Commentators. I have a theory about them – a theory which basically states that Kenneth Wolstenholme has got a lot to answer for and it’s entirely his fault that I dislike so many of the current crop of those who comment on the beautiful game..

Wolstenholme’s “they think it’s all over” quote from the 1966 World Cup final was a spur of the moment comment that gained international fame, book deals, was sampled in hit records and even got its own TV show.

Wolstenholme had previously been established as the BBC’s authoritative voice of football and went on to cover the climax of five World Cup championships and the finals of 16 European Cups and 23 FA Cup finals besides dozens of internationals.
He was proud that he had produced a timeless piece of broadcasting and coined a phrase that has entered English folklore. But this was tinged with a hint of regret that the words had overshadowed the rest of a hugely successful and ground-breaking career (though he used the phrase for title of his memoirs, so wasn’t too upset, clearly).
Over on ITV, Hugh Johns was the “the other voice” of the 1966 World Cup final. At the same moment, to a much smaller audience, Mr Johns was concentrating more on the striker’s hat-trick as he told ITV viewers: “Here’s Hurst, he might make it three. He has! He has… so that’s it. That is IT!”

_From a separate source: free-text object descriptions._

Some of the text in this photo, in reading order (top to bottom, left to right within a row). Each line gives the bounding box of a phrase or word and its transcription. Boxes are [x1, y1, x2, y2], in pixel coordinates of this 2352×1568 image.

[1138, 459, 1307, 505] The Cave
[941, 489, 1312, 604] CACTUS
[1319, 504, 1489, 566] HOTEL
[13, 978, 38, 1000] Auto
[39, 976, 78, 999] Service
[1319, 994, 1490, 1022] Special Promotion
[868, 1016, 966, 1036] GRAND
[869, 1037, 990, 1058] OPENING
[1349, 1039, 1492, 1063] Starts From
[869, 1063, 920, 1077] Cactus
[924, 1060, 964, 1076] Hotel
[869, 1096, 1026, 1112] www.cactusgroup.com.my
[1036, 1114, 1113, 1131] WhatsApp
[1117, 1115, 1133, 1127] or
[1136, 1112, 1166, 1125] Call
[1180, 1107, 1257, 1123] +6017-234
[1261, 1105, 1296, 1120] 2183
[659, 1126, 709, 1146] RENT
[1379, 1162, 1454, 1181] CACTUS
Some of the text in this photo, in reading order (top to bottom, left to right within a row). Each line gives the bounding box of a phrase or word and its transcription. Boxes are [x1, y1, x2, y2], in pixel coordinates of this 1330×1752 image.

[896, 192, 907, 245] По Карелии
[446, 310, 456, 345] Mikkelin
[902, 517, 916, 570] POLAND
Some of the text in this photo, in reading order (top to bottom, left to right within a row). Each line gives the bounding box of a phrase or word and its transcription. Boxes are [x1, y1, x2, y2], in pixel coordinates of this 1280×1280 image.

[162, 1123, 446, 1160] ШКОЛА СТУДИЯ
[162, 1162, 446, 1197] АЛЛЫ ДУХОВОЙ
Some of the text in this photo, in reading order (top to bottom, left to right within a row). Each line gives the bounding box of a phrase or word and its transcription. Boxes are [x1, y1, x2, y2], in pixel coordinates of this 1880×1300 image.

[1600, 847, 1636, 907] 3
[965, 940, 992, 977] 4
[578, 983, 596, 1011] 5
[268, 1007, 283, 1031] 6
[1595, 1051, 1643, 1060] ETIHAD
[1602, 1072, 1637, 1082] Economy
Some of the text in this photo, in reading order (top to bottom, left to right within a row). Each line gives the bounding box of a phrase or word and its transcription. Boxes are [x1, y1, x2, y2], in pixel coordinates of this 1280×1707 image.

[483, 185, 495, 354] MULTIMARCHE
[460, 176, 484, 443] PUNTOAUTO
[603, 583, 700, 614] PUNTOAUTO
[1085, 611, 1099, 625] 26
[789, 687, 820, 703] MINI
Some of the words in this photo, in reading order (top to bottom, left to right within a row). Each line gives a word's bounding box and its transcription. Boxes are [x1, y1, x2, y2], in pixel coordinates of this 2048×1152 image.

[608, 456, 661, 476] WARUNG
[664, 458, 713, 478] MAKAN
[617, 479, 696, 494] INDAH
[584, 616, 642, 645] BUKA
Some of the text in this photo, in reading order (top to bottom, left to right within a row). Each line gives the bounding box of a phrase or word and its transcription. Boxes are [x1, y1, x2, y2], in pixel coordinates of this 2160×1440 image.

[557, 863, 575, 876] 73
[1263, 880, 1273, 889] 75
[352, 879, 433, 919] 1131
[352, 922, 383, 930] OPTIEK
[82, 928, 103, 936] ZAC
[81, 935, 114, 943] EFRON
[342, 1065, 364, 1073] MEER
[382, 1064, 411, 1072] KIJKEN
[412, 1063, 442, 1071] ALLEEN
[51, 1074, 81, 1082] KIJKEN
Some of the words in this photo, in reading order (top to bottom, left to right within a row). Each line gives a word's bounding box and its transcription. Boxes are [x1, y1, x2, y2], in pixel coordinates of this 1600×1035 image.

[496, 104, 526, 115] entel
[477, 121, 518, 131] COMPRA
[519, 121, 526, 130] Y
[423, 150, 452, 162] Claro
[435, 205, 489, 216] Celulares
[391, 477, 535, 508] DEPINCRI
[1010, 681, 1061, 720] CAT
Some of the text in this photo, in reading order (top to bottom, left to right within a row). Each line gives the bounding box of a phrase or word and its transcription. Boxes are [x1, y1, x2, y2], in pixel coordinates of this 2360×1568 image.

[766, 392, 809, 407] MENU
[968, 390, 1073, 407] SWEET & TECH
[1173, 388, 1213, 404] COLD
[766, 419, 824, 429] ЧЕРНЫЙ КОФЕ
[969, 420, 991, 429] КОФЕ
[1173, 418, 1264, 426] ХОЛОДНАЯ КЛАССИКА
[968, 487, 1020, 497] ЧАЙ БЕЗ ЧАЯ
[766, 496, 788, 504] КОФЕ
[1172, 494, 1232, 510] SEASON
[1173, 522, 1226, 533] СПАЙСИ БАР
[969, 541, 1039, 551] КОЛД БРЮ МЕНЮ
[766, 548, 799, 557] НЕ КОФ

I like Johns’ commentary. It does the job for me. The problem is no one remembers his words. And now every commentator does not want his Johns moment, but his Wolstenholme moment. It seems sometimes that every commentator wants fame and a legacy of a piece of beautiful prose at a key moment in a key match. And no Clive Tyldesley, anything to do with “that night in Barcelona” doesn’t count. So rather than comment on what’s happening on the pitch, commentaries have become a competition to see who can say the most dramatic, prose-soaked comment. I am still scarred by a Portsmouth match commentated on by Peter Drury a few seasons gone, where Drury felt it apt to continuously refer to Portsmouth’s financial problems by quoting Shakespeare. It was the best of times, and it was the worst of times, you see!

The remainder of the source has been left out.